Kytabu is a software that delivers learning content from digital text books to Kenyan students. The content is moderated by Kenya Publishers Association and there is some 177 books condensed into a 1GB file that is then served in microSDs. The model of delivery can be either an app on Android in a low cost tablet or in a microSD that is fitted inside an internet dongle that also has a SIM card for internet access. The Price for the tablet is $80 (Kshs 7000) while the internet dongle is $16(Kshs 1400), so this brings down the cost of content delivery to the low income earner for their student.
Kytabu was one of the finalists at Pivot East 2013 in the Mobil Society Category and they have already pitched their presentation and request for funding. They aim to make learning more interactive by introducing the e-reader into mainstream learning. The end- game is making access to learning material go down 60% to 80% cheaper, faster and more reliable, while at the same time making learning synthesizing faster for students.
Asked by judges how the Kytabu application blends in with the Kenya government plan to introduce laptops in schools, Tony Ndungu of Kytabu says that they are working with Microsoft to bundle the Kytabu desktop application among the software bundled in by Microsoft during delivery of school-focused software.
Kytabu seeks some Kshs 7 million to enable them scale this content delivery, they have partners IBM that provide the back-end support for the content, Microsoft is providing the Biz Spark solution, so they are able to develop the desktop application through them and Intel though the Intel Education Association, a group that supports E-learning solutions to help them grow and be visible.
Kytabu is the only software that kenya Publishers Association has presented to the government as a software they wish to work with in the delivery of text book material.
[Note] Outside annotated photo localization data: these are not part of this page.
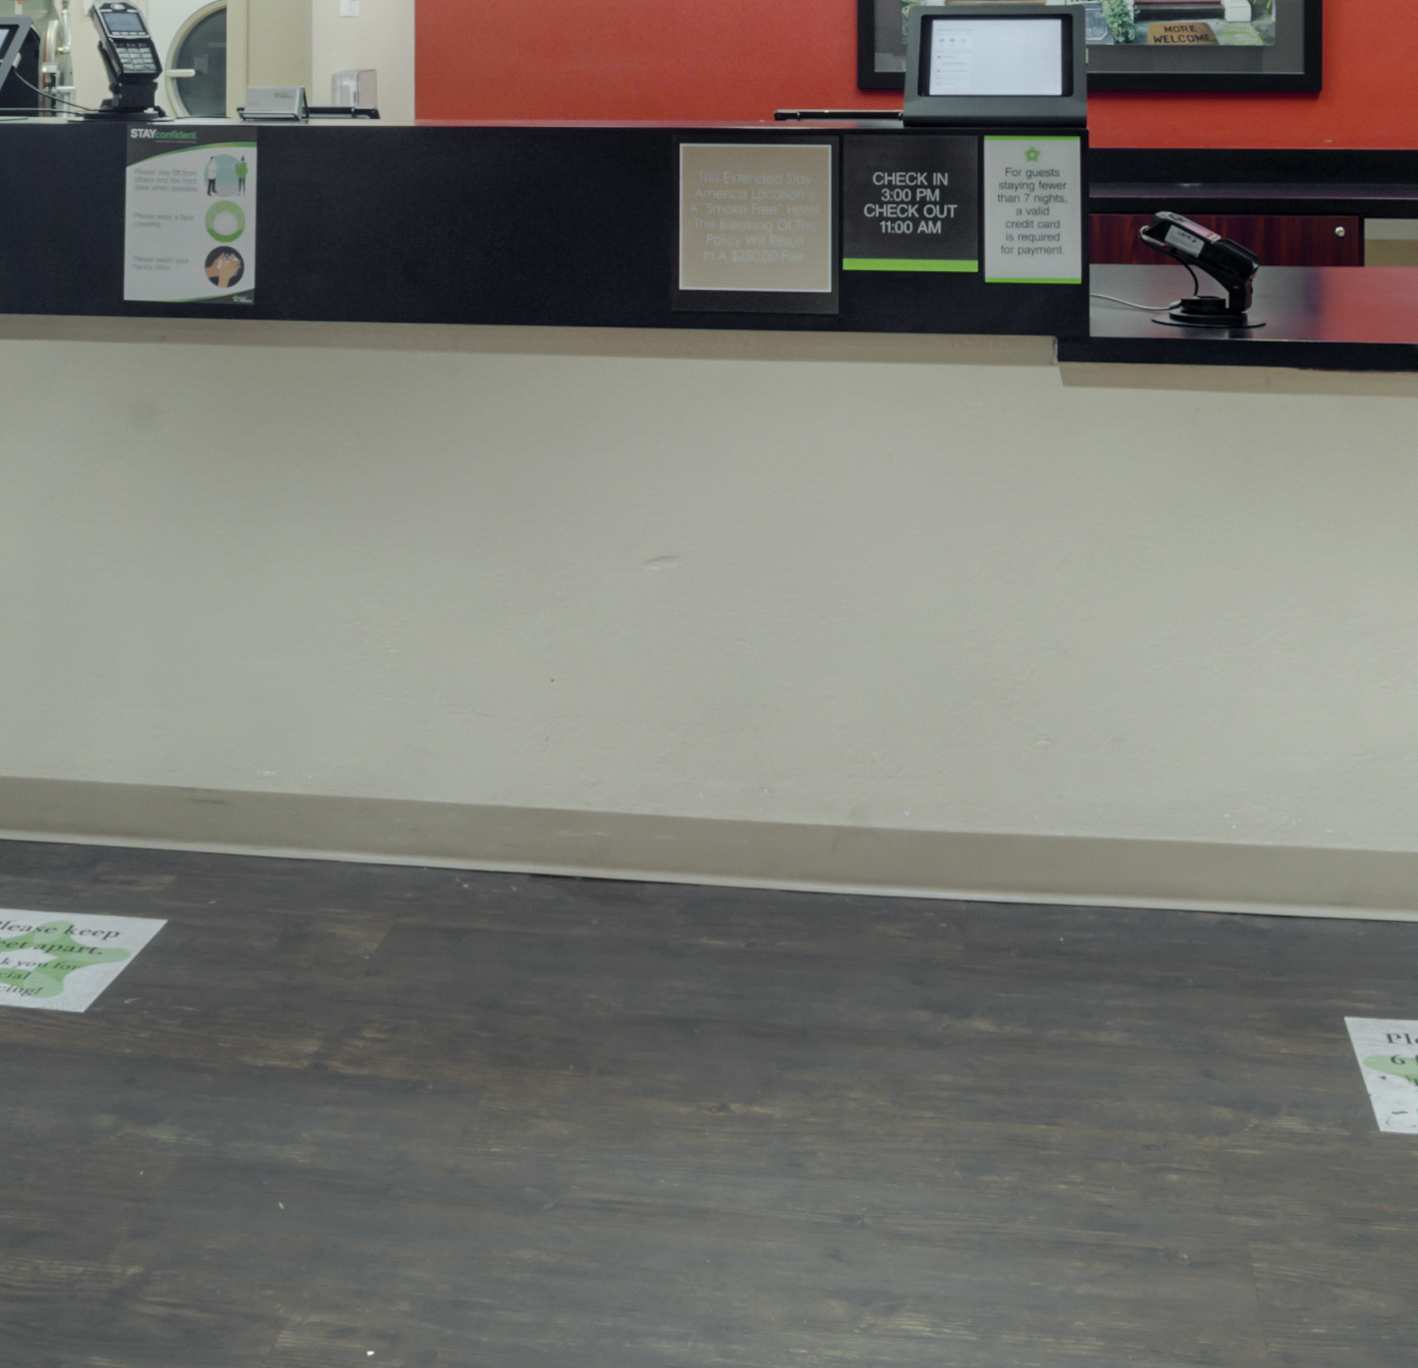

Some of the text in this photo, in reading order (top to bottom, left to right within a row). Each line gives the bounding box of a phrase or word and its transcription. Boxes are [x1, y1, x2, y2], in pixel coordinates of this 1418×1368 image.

[1154, 34, 1213, 43] WELCOME
[699, 172, 812, 186] This Extended Stay
[873, 172, 948, 186] CHECK IN
[1005, 167, 1060, 179] For guests
[999, 181, 1066, 191] staying fewer
[695, 188, 747, 200] America
[752, 189, 804, 200] Location
[881, 189, 939, 201] 3:00 PM
[997, 193, 1020, 203] than
[1024, 194, 1029, 203] 7
[690, 203, 698, 212] A
[864, 204, 957, 218] CHECK OUT
[1016, 206, 1049, 216] a valid
[695, 218, 817, 232] The Breaking Of This
[880, 221, 941, 233] 11:00 AM
[1006, 219, 1060, 229] credit card
[706, 234, 804, 247] Policy Will Result
[1006, 233, 1060, 244] is required
[703, 250, 714, 261] In
[718, 251, 727, 261] A
[731, 250, 778, 262] $250.00
[1001, 245, 1064, 257] for payment.
[65, 924, 120, 941] keep
[34, 943, 103, 956] apart.
[14, 957, 49, 970] you
[53, 960, 81, 971] for
[1391, 1055, 1406, 1066] 6
The model of delivery is micro-leasing in a subscription model that delivers only what the student needs to learn when they need it and pay for just that content they require access for.
The content is encrypted, so when the student accesses the content, they cannot share this with others, something that content publishers are usually afraid of when selling digital content. This makes text book publishers, and the Kenya Publishers Association quite easy with the software and move for more digital content as a standard of learning content delivery.